Wednesday, October 8, 2025

The '90s Moral Panic Over Sex on Network TV

Three decades on Seinfeld remains a cultural touchstone, with the episode "The Contest," if not one of its best, at least one of its most notorious for the "show about nothing" devoting a full half hour to the theme of a certain conventionally solitary activity that the conventional wisdom regards "everyone" as doing all as "no one" admits to doing it, with the awkwardness of "admission" quite central to what the episode's script does with that theme. The results, of course, contain their share of "edgy" moments putting many of the protagonists' less seemly traits front and center--not least George Costanza's dutifully visiting his mother in the hospital in spite of her really, really not wanting to see him just about now (those who have seen the episode are unlikely to have forgotten why) simply for the pleasure of seeing on the curtain separating his mother's bed from her roommate's the silhouette of the attending nurse (Andrea Parker, just a few years short of her rise to TV stardom with her role on The Pretender) giving a spongebath to the room's (similarly sexy) other occupant. Still, it is notable that the episode achieves its charge without, indeed in part because of, the extreme obliqueness of its references to the act in question, no character ever speaking any of the formal or medical terms for such activity, or any recognizable proxy for it of a slang or any other nature. Rather the writers put on a virtuoso performance of tap-dancing around them that, even as it appreciably added to the entertainment value of the goings-on likely left many, due to the combination of shock at seeing this (apparently) the theme of a half-hour prime-time sitcom episode in that era with the aforementioned obliqueness wondering even at the very end "Was that really about what I thought it was about?"

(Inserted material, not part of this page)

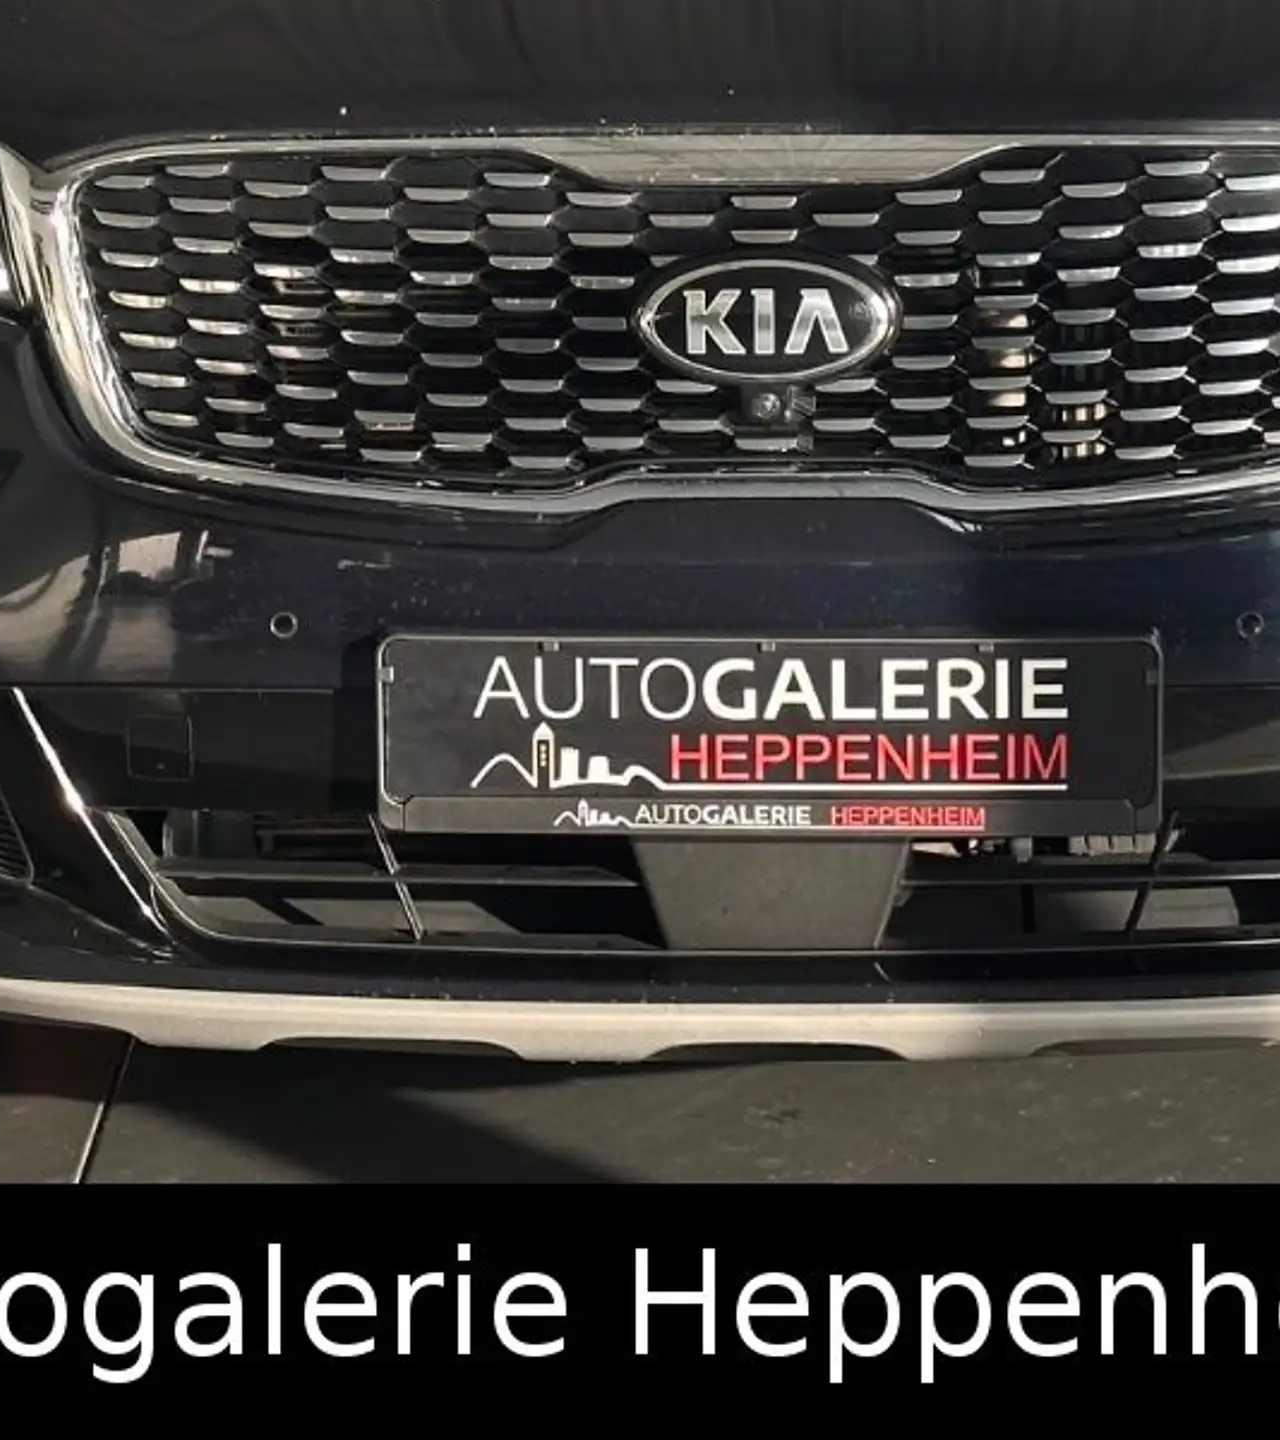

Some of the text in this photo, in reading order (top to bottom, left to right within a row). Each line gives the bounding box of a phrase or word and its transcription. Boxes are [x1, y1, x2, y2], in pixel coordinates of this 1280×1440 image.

In 2025 that virtuoso performance, and the inevitable blowback from parents' groups and the other usual suspects in these affairs, is a reminder of the tensions, and moral panic, that surrounded the content of American network television in the '90s. This was certainly the case where violence was concerned, as the rather muddled affair that saw the Clinton administration cynically playing the old game of using culture wars as cover for class wars with pop culture the favored terrain (grandstanding about violence on TV as it brazenly betrayed its supporters by ferociously pushing a neoliberal economic program). However, as the matter of Seinfeld shows this was the case with sex as well as violence, as one remembers when alongside this they recall the furor over ABC's teasing that those portions of the female anatomy considered red lines by the censors would not always be "strategically concealed" when Mariel Hemingway went nude in an episode of her legal drama Civil Wars; and the rancor over June Chadwick's actually crossing those red lines in a skinny-dipping scene in the Northern Exposure-in-Hawaii that was Going to Extremes; and the outrage over what the controversial-before-it-even-hit-the-airwaves NYPD Blue was expected to (and ultimately, did) bring to the small screen.

Of course, many of those shows over which there was such a brouhaha are not even a memory today. (In spite of the sensation surrounding the episodes just mentioned both Civil Wars and Going to Extremes were so short-lived that they were never even close to making it into syndication, seem to have left no legacy of any kind, and are apparently unavailable in streaming or through any other medium.) Others are better remembered, but not for shock value--the enduring affection of fans of Seinfeld and NYPD Blue ultimately having little to do with what shock value they had by '90s-era-network-TV-standards, with the lingering of an episode like "The Contest" in the pop cultural memory a testament to its wit rather than its provocativeness as what was shocking no longer seemed to be so. Part of that story was that network TV censorship in such areas did relax somewhat in subsequent years (thus did a decade later Friends devote an episode of its own to a character "getting caught" that addressed the "incident" in much more direct fashion but also with far less fuss). But a still bigger part is the way in which network TV became decreasingly central to people's experience of television generally in a milieu where most people had cable TV, and most of those at least one of the premium channels increasingly airing content that made what horrified parents on a Big Three network look like nothing by comparison, all amid the dawning of the Internet that changed the game out of all recognition as der kulturkampf increasingly looked like bandenkrieg.